管理本部ゼネラルマネージャー香川 憲昭氏

販売本数150万本を突破したパソコン用メガネ「JINS PC」で視力矯正を必要としない人向けの市場を新たに創出するなど、成熟市場と思われていた眼鏡の世界で躍進を続けるジンズ。執行役員の香川憲昭氏はこれまでの成長企業でのマネジメント経験や知識を活かし、同社の急成長に貢献している。

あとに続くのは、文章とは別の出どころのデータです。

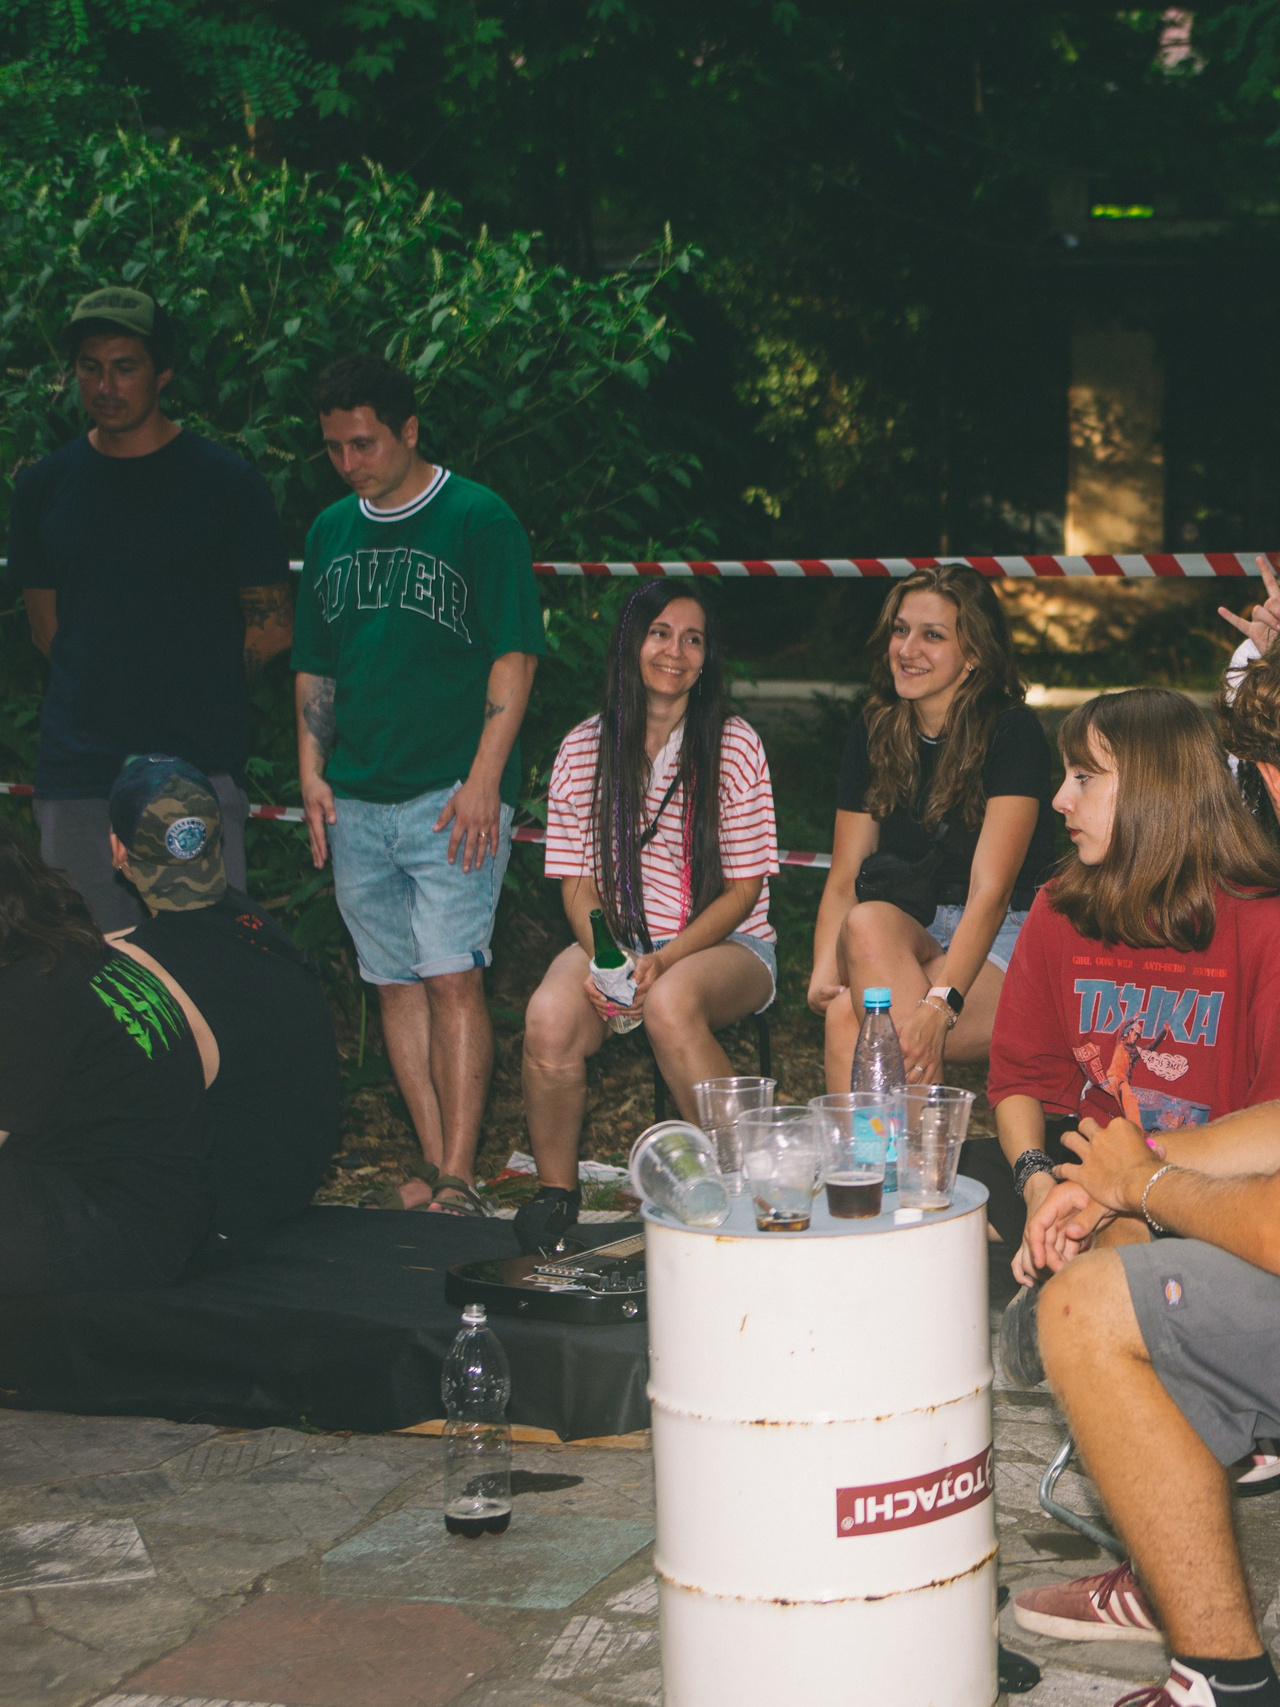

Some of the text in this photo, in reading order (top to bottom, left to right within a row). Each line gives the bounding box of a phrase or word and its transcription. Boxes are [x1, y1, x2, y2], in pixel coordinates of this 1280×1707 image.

[1072, 956, 1092, 966] GIRL
[1074, 978, 1225, 1047] TISHKA
[854, 1465, 985, 1525] TOTACHI

40人のベンチャーが2000人規模に成長する過程をサポート
入江
まず、香川さんのご経歴について教えて頂けますでしょうか。
香川
はい。私は新卒で当時の国際電信電話、現在のKDDIに入社し最初は法人営業を担当しました。その後、事業開発本部へ異動し、主に新規事業の企画や既に立ち上がっているグループ会社のマネジメントに関わる機会が増えました。もともと私は企業経営や事業開発に対する関心があったのですが、そこからさらに興味が強くなっていきました。折しも90年代後半で、空前のベンチャーブームが盛り上がっている頃。KDDIは素晴らしい会社ですが、私自身のキャリアを切り拓くという意味で一念発起する必要があるのではと思い、2001年にドリームインキュベータ(以下、DI)に転職し2006年末まで働いた後、2007年にジンズに転職し、現在に至ります。
入江
なぜKDDIからコンサルティングファームのDIへ転職されたのですか。
香川
ベンチャー企業の支援、及びハンズオンでお客様と一緒に事業をつくっていく経験ができそうだったことが一つ。そして自分に経営や事業開発に関する知識が足りないことを自覚していたので、仕事を通じそれを学べることの二点が主な理由です。入社時のDIはまだ未上場で社員数も20名くらいでしたが、あまり迷いはなかったですね。他に有力な選択肢として海外留学を考えた時期もあったのですが、コンサルタントとして直接お客様と向き合い、経営課題そのものと格闘する中で蓄積される知識や経験は他に代え難いと考えたのです。実際、DIでは他ではあり得ない稀有な経験ができたと思います。
入江
DIではどんなプロジェクトに従事し、どんなことを学びましたか。
香川
当時のDIはコンサルティングビジネスとベンチャー支援の両輪で回っていたので、両者の経験をまんべんなく積んでいくことが求められ、体半分は大企業向けのコンサルティング、もう半分はベンチャー支援という形で非常に多くのプロジェクトに関わりました。中でも学ぶことが多かったのは、ある有力不動産ベンチャーとのお付き合いでした。社員数40人くらいの時からお付き合いが始まり、ジャスダック上場、東証一部上場、そして社員数2000人へと成長する過程で成長段階ごとに変わっていく経営課題の解決を支援する機会に恵まれたのです。成長段階に応じて経営課題が変わり、我々もそれに対応してしっかり支援するという形で企業の急成長に伴走できたことは非常に幸運でした。
入江
DIで手がけたベンチャー支援の内容について、もう少し詳しくお聞かせください。
香川
DIでは主に経営戦略を支援することが多かったです。ただ、外部の人間が成長戦略を策定し「はい、これ」と渡しても、人材や経営資源の限られたベンチャーではうまくいきません。そうではなく私たちはお客様と共に経営課題と向き合い、共に悩みながら最終的に「こっちの方向に行くべきである」と戦略づくりのプロセスを共にするスタイルでプロジェクトを進めていきました。そうすると結果的に現場を引っ張っているリーダーの皆さんが結論に納得感を持ちやすくなるわけです。また、ベンチャーの強みはトップの号令一下、みんなが一つの方向へ走っていくことで、一時期はその強みによって成長ステップを一気に駆け上がることができます。しかし、ある程度規模が拡大するとその強みが弱みに転じるフェーズがやってきます。トップの号令で動いてきた組織はたいてい「上からの命令を待っていればいい」という行動様式になってしまうのです。それを防ぐには自分の頭で考える人を増やすとともに、同じビジョンに向かって航海する仲間になってもらう必要があります。個々人が勝手な方向に向かっては組織がバラバラになってしまいますから。そうしたサポートをすることがベンチャー支援プロジェクトでは多かったですね。

※インタビュー内容、企業情報等はすべて取材当時のものです。